**What needs to be done:**
In your copy, repeat each record exactly and include no pictures.

##### Dataset records

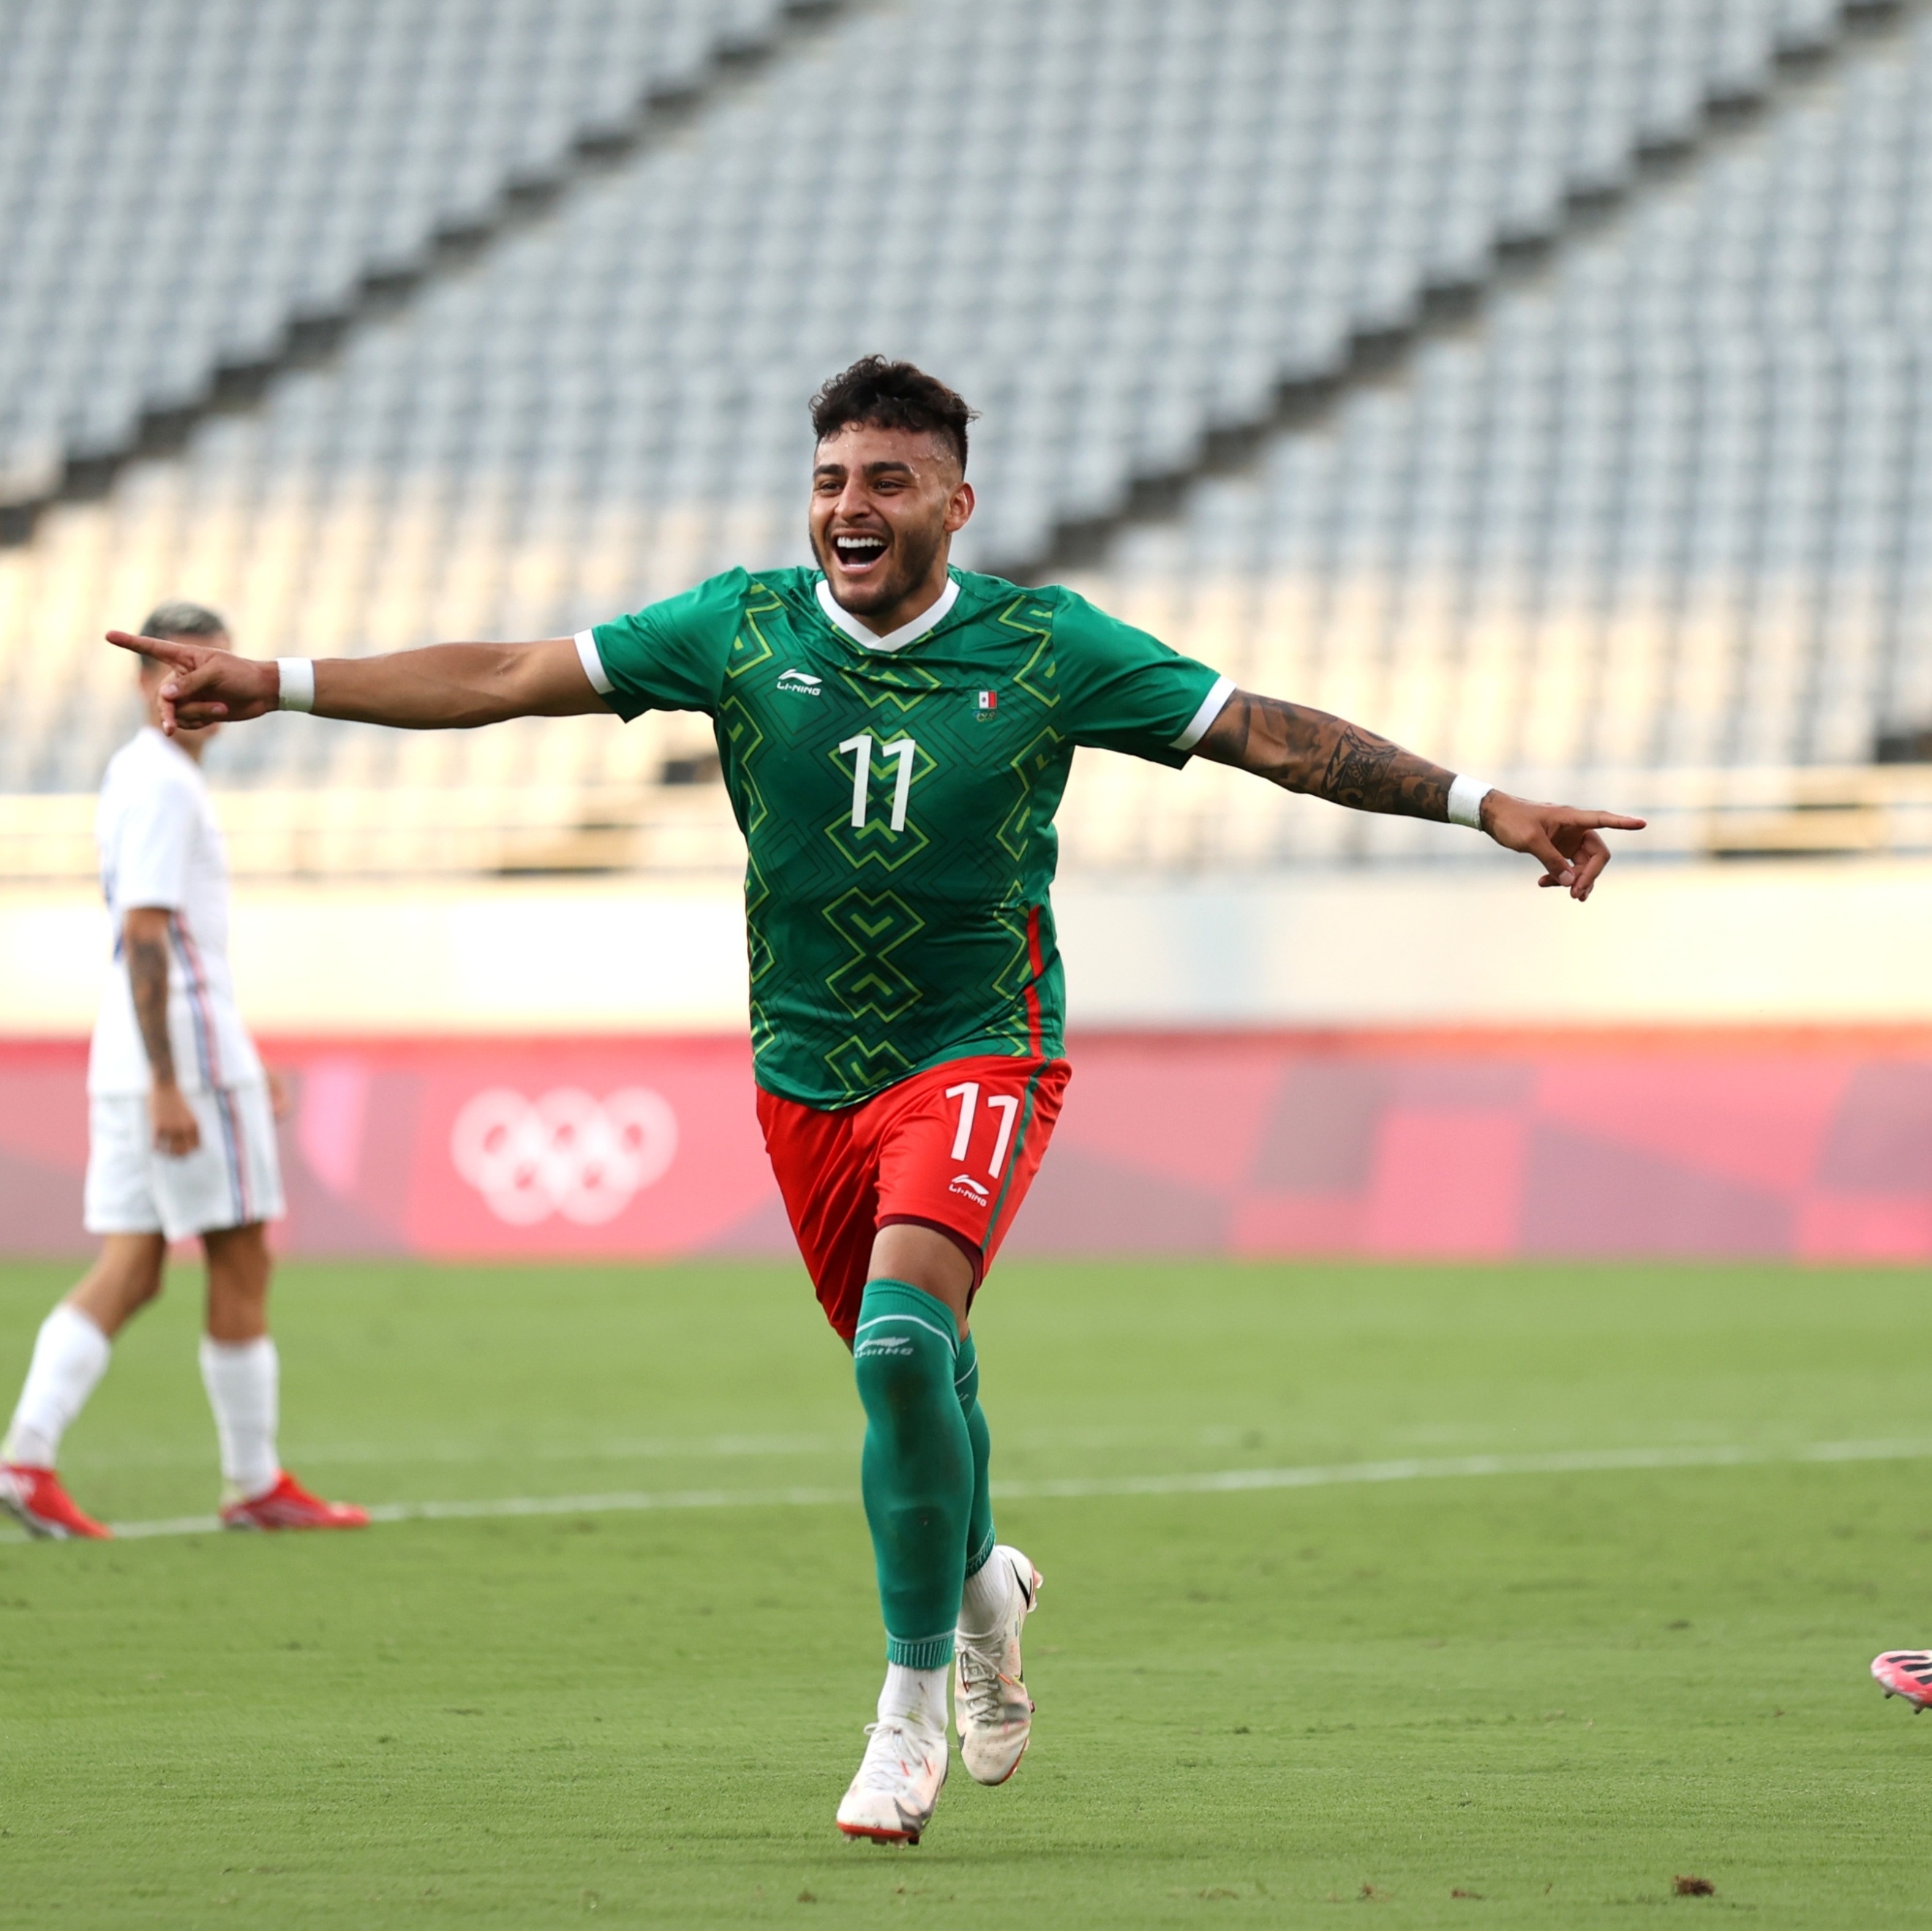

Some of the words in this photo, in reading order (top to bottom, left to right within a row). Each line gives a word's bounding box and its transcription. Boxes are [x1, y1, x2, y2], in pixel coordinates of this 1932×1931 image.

[776, 682, 822, 696] LI-NING
[839, 734, 916, 832] 11
[945, 1081, 1019, 1179] 11
[948, 1183, 988, 1208] LI-NING
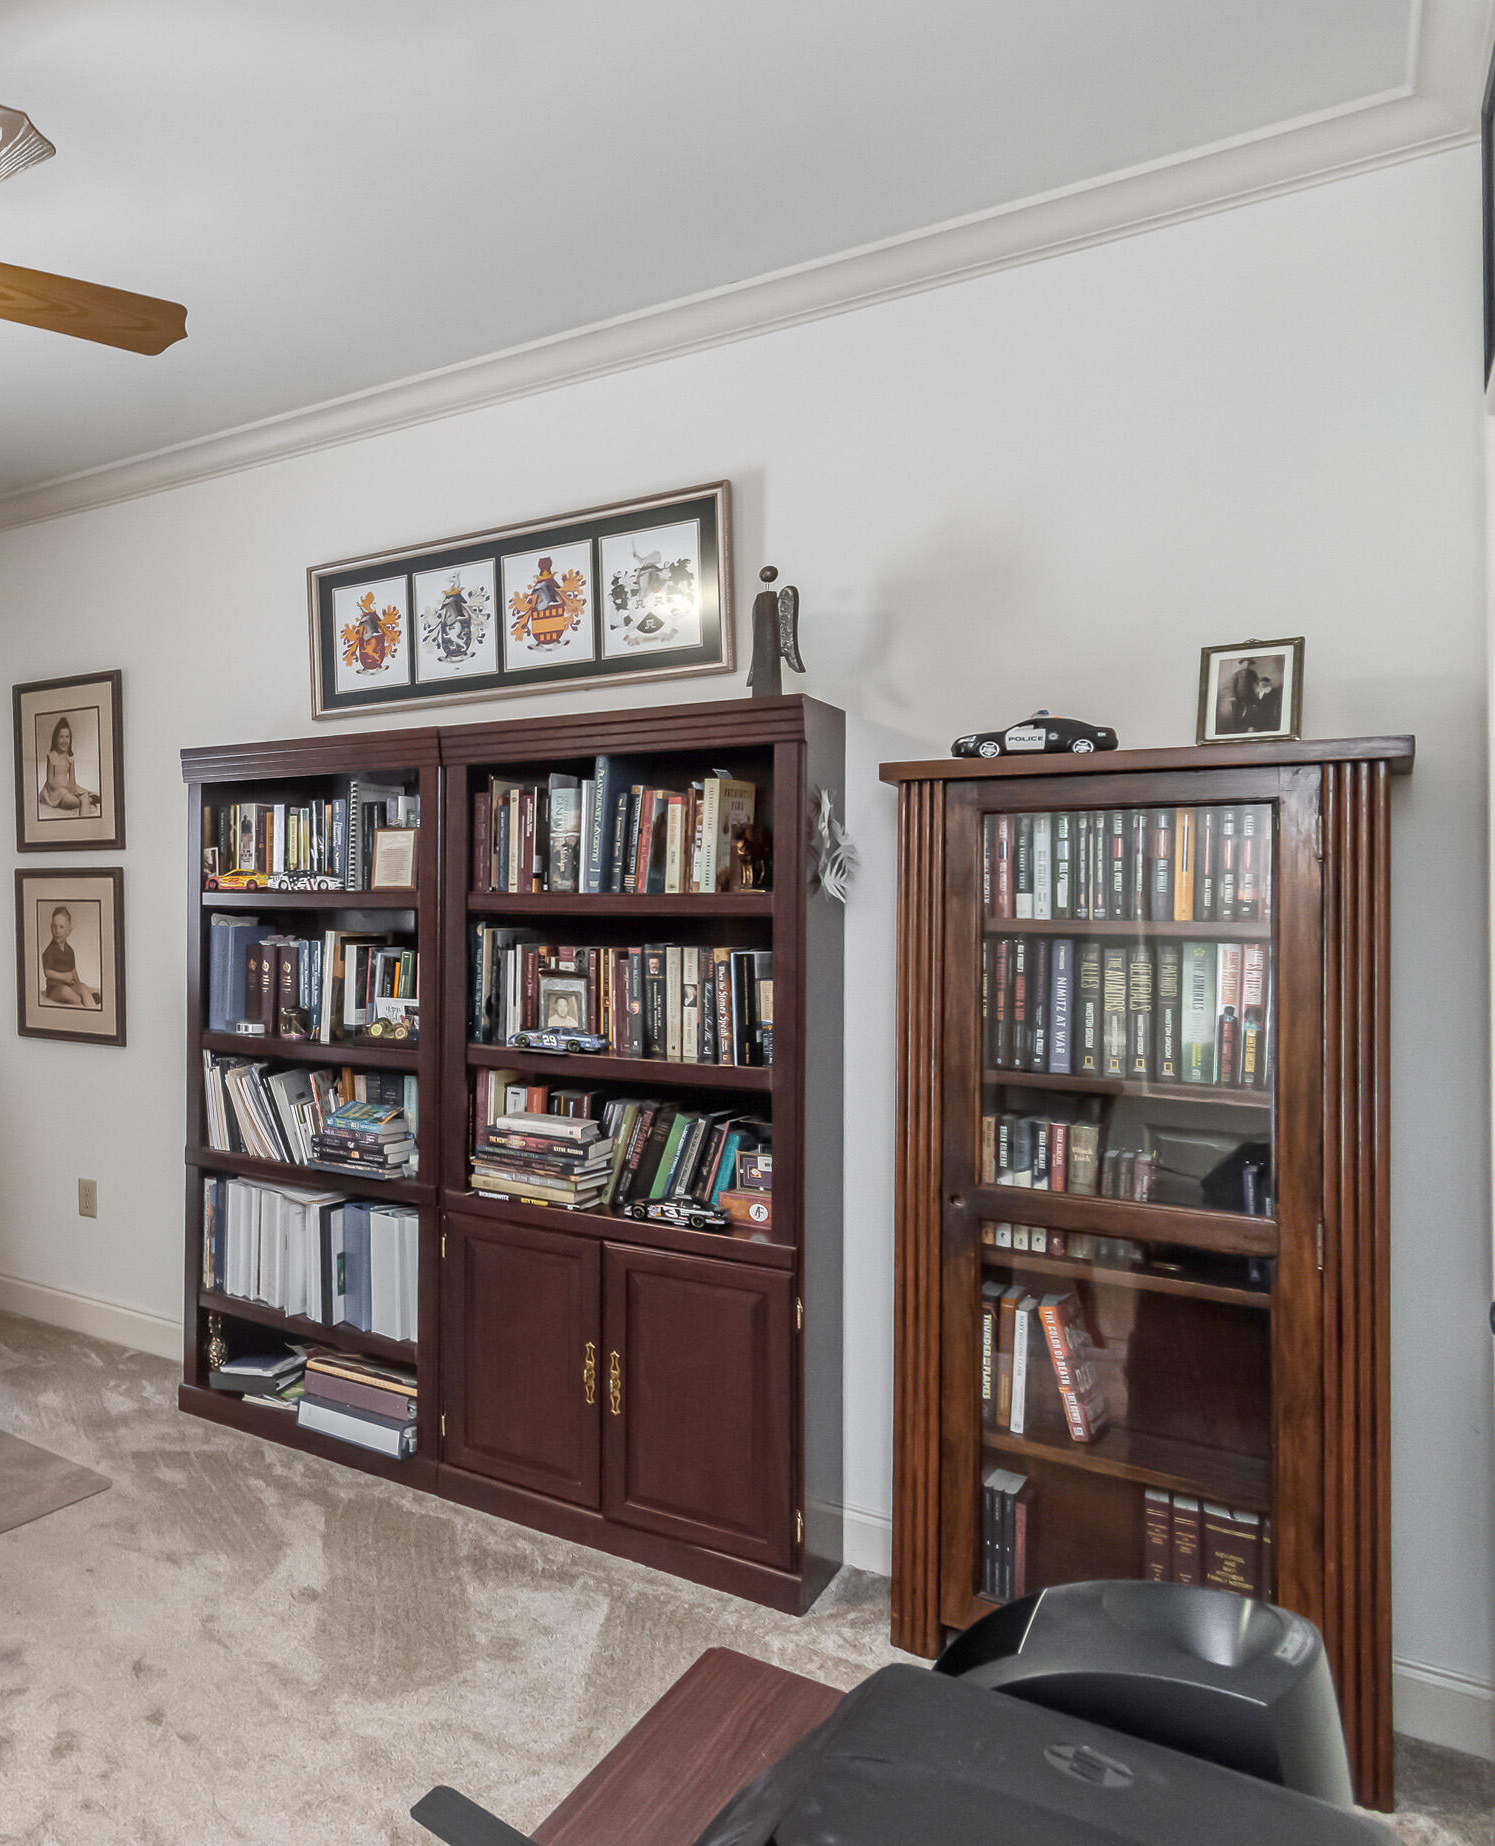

##########

**Solution for this problem:**
Some of the words in this photo, in reading order (top to bottom, left to right within a row). Each line gives a word's bounding box and its transcription. Boxes are [x1, y1, x2, y2], in pixel coordinates of this 1932×1931 image.

[776, 682, 822, 696] LI-NING
[839, 734, 916, 832] 11
[945, 1081, 1019, 1179] 11
[948, 1183, 988, 1208] LI-NING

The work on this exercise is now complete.